* **WORK TO COMPLETE**
Reprint all of the data below exactly as shown and skip every image.

** Opening RECORDS PROVIDED block **

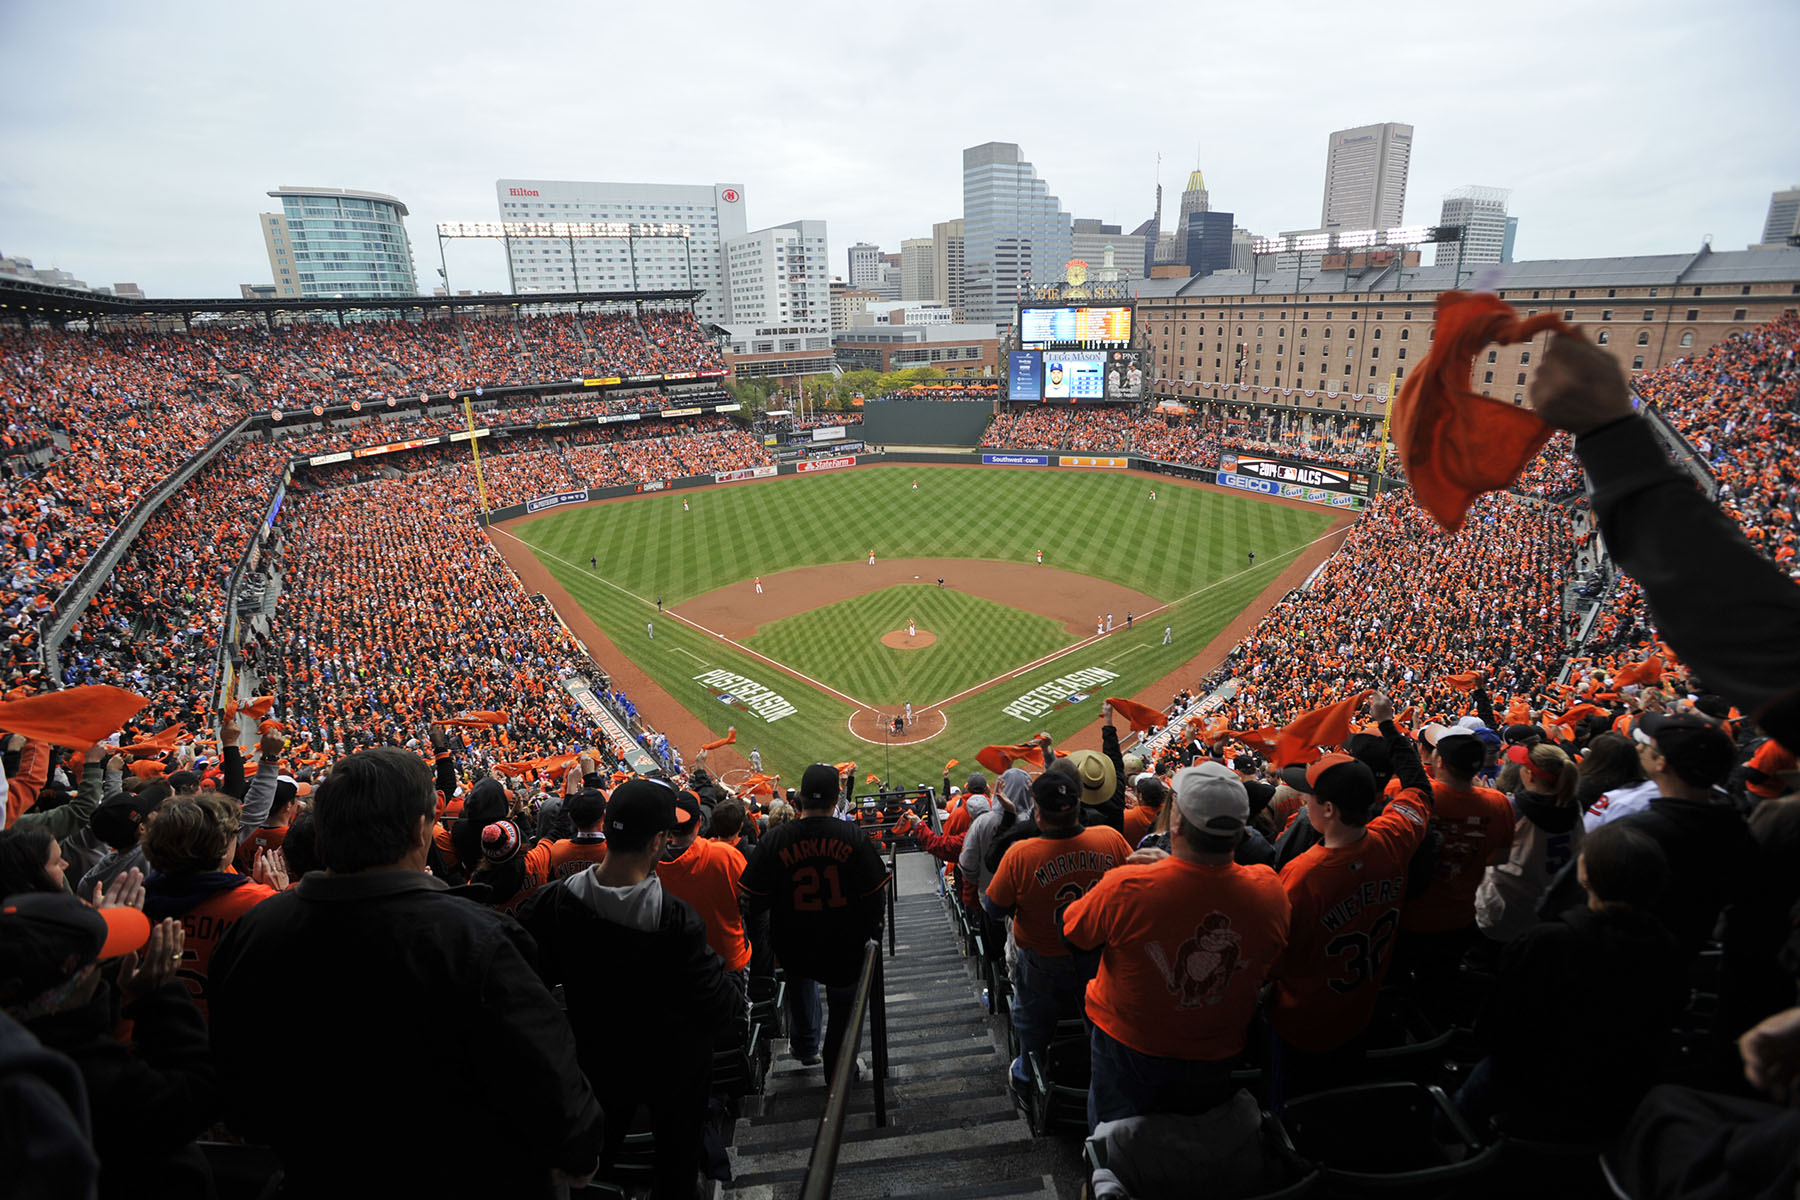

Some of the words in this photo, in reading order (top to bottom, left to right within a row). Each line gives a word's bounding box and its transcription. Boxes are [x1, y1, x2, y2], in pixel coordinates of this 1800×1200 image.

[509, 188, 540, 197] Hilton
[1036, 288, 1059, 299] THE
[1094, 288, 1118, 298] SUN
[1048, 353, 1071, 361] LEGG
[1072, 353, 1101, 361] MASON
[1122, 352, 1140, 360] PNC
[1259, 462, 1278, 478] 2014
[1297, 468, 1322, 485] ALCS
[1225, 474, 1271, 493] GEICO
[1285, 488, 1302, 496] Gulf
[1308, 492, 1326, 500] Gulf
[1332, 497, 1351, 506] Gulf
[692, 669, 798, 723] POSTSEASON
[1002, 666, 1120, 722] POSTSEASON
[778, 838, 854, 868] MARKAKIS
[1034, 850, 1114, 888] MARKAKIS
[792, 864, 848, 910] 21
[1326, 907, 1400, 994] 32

** Closing RECORDS PROVIDED block **

* **YOUR RESPONSE**
Some of the words in this photo, in reading order (top to bottom, left to right within a row). Each line gives a word's bounding box and its transcription. Boxes are [x1, y1, x2, y2], in pixel coordinates of this 1800×1200 image.

[509, 188, 540, 197] Hilton
[1036, 288, 1059, 299] THE
[1094, 288, 1118, 298] SUN
[1048, 353, 1071, 361] LEGG
[1072, 353, 1101, 361] MASON
[1122, 352, 1140, 360] PNC
[1259, 462, 1278, 478] 2014
[1297, 468, 1322, 485] ALCS
[1225, 474, 1271, 493] GEICO
[1285, 488, 1302, 496] Gulf
[1308, 492, 1326, 500] Gulf
[1332, 497, 1351, 506] Gulf
[692, 669, 798, 723] POSTSEASON
[1002, 666, 1120, 722] POSTSEASON
[778, 838, 854, 868] MARKAKIS
[1034, 850, 1114, 888] MARKAKIS
[792, 864, 848, 910] 21
[1326, 907, 1400, 994] 32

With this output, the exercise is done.